Los Angeles, Montréal, New York, Munich : Mehta mène une carrière éblouissante à la tête d’orchestres prestigieux

En 1960, il remplace Igor Markevich à Montréal, puis Fritz Reiner l’année suivante à Los Angeles. L’orchestre américain est tellement séduit, qu’on lui propose le poste de directeur musical ! Il y restera 16 ans jusqu’en 1978, en cumulant avec la direction artistique du Symphonique de Montréal jusqu’en 1967. “Los Angeles était l’instrument de mes rêves. Mais à un moment j’ai senti qu’il fallait que quelqu’un d’autre vienne leur apporter son interprétation, et que moi j’aille convaincre ailleurs.” Il devient donc directeur musical du Philharmonique de New York, à la suite de Boulez.
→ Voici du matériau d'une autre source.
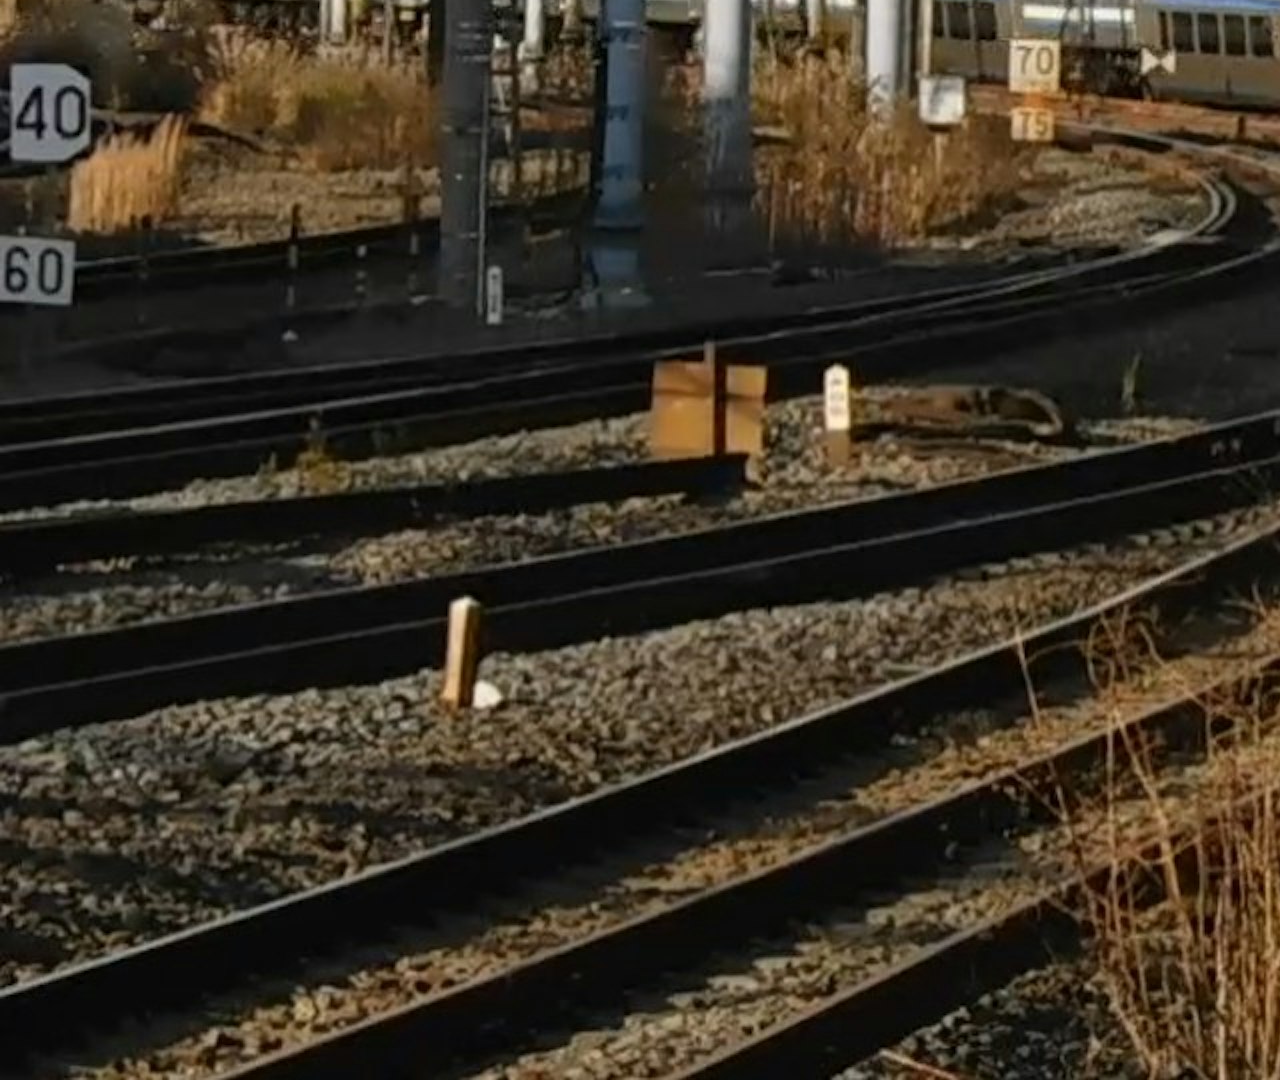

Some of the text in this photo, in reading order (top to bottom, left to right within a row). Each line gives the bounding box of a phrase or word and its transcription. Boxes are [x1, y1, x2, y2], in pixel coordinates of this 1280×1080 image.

[1016, 46, 1054, 75] 70
[16, 85, 87, 141] 40
[1018, 111, 1049, 136] 75
[4, 245, 63, 296] 60
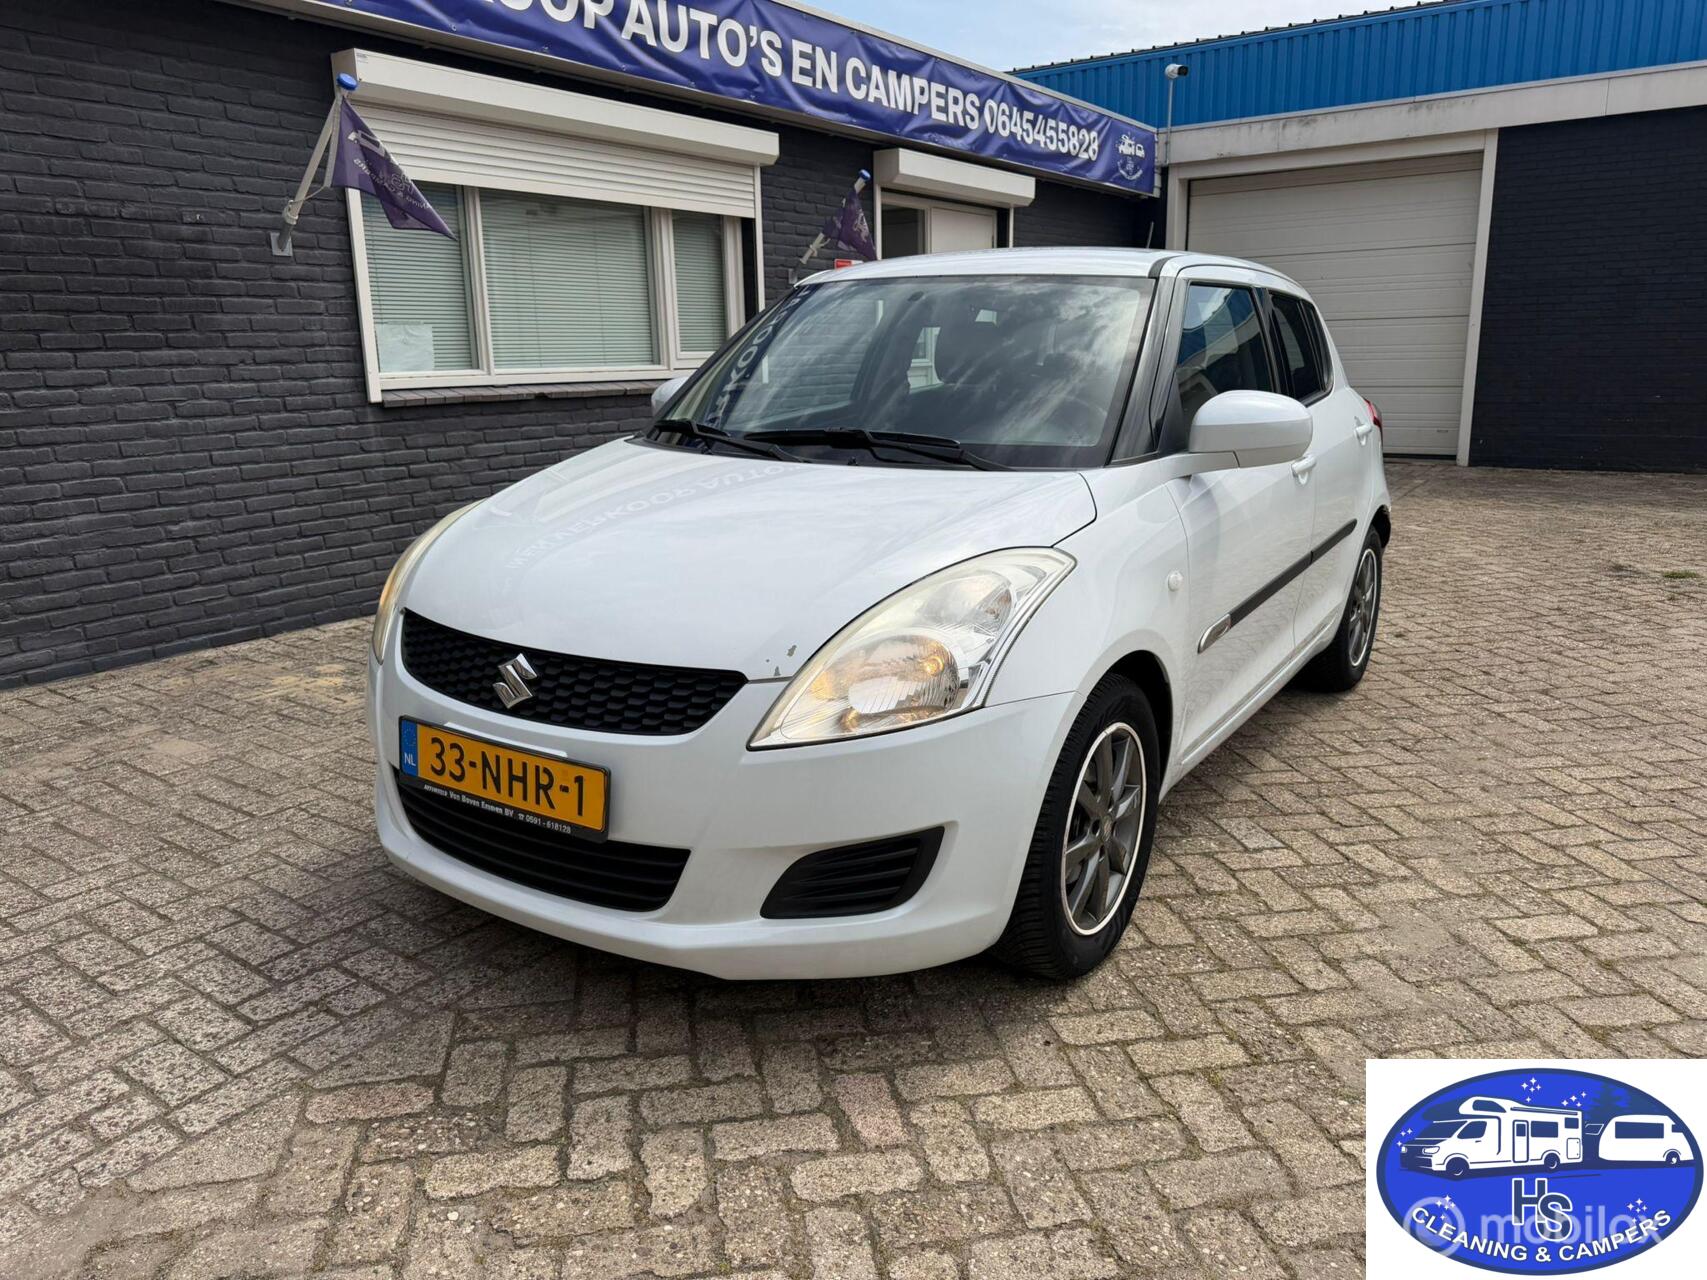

Il y restera jusqu’en 1991. Entre-temps, il a pris la direction du Mai musical florentin en 1985. Puis il devient directeur général de la musique à l’Opéra de Munich de 1998 à 2006. L’Orchestre Philharmonique de Munich crée d’ailleurs pour lui le titre de chef honoraire en 2004. Il dirige alors régulièrement en Espagne pendant 10 ans, au Palau des Arts de Valence, jusqu’en 2014. Son ascension fulgurante et son éblouissante carrière ont de quoi donner le tournis. S’il cumule souvent plusieurs postes, Mehta a toujours pris le temps de travailler en profondeur avec chacun des orchestres dont il est titulaire. Sa plus longue collaboration reste avec le Philharmonique d’Israël.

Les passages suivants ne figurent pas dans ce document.